M3: API rate limiting and notification error handling

I'll need to handle potentially malicious users, as well as notifications that are not successfully sent the first time.

[M3.1] Rate limiting

  • Implement rate limiting for the public channel API endpoints
  • Implement rate limiting for the private app channel API endpoints
    • This can probably be a bit less strict than the public API rate limiting

[M3.2] Retrying failed notifications

  • The notification API should be processed asynchronously
  • Notification receipts should be tracked, and failed notifications should be retried if the error message indicates this is possible
  • Notification receipt error logs should be visible in the dashboard

[M3.2] Logging unexpected errors with Sentry

  • Set up Sentry to capture unhandled or unexpected errors
  • (Dogfooding opportunity: push Sentry errors to private app channel!)

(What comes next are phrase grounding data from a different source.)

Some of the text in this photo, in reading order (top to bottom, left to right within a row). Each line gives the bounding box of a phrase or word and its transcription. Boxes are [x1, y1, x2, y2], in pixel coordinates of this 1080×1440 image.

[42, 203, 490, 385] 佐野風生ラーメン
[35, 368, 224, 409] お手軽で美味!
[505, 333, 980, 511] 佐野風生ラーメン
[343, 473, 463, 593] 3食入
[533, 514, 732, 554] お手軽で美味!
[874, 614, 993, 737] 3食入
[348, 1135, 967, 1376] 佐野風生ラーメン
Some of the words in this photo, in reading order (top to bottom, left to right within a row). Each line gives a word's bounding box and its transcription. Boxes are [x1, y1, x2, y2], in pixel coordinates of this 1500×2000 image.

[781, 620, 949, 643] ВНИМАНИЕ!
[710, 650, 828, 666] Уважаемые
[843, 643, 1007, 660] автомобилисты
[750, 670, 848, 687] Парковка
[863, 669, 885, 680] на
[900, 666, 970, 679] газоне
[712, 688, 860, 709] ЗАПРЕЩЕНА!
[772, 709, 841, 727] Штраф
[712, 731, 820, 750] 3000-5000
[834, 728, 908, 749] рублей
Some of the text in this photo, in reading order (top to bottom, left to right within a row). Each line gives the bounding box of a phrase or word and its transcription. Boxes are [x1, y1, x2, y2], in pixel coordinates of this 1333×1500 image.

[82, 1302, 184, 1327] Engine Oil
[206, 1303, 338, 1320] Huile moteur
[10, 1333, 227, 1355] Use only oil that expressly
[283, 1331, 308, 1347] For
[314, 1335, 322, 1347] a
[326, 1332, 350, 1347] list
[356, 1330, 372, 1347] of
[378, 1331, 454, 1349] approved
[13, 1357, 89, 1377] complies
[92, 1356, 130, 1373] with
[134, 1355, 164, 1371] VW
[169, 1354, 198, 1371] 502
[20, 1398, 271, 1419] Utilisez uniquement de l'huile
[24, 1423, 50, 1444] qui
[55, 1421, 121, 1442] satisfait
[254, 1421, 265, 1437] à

[M3.3] Deleting stale notifications

  • Public notifications will be automatically deleted after 7 days
  • Private app notifications will be automatically deleted after 30 days

M4: Publish mobile app

In order for people to start using it, the mobile app will need to be published on the App Store and Play Store.

[M4.1] Submit to Apple App Store

  • Set up app logo and splash screen
  • Set up app privacy policy
  • Set up app contact form
  • Set up iOS screenshots

[M4.2] Submit to Google Play Store

  • Set up Android screenshots
  • Prepare app for closed testing (min 20 users, min 14 days)

M5: Mobile app polish

None of these are necessarily launch-blocking, but would be nice to have.

[M5.1] Polish realtime functionality

  • Use websockets to notify users as soon as new notification messages are created

[M5.2] Support offline mode

  • Users should be able to view all their notification messages even if they're offline

[M5.3] Dark mode

  • If a user's system settings are set to dark mode, display the app in dark mode

M6: Open sourcing and support for self-hosting

For a product like this, I imagine a lot of developers would be interested in self-hosting the API themselves. It would be nice to provide this as an option.

[M6.1] Make API repository public on GitHub

  • Remove any hardcoded API keys, or PII from code
  • Move repo from private to public

[M6.2] Add documentation for self-hosting

  • Use Fly.io for deployment
  • Update repo README with instructions for deploying to Fly.io

Launch plan

The launch will happen in 3 phases.

Phase 1: ~4 weeks

I'd love to get the first 4 milestones done in 4 weeks. I anticipate that it will take much longer to get the mobile app published to the Google Play Store due to new restrictions, so I won't block launching for that.

As soon as the app is published in the Apple App Store and the first three milestones are done, I plan on starting to share the project on smaller channels like Reddit, IndieHackers, and Bookface.

Phase 2: ~2 weeks

If the initial feedback is good, I'll push forward with the Android app release, and then launch on Product Hunt and Hacker News.

Phase 3: ~1 week

Depending on how that goes, I'll launch again with the open source self-hosted version.

Success criteria

After one month post-launching, I'd like to have at least 5 active apps, 100 active users, and 1000 notifications successfully sent.

If I can validate that there's growth, particularly around private app channels, I may start charging developers after a certain amount of usage on private app channels, since it doesn't make sense for me to run this project 100% for free.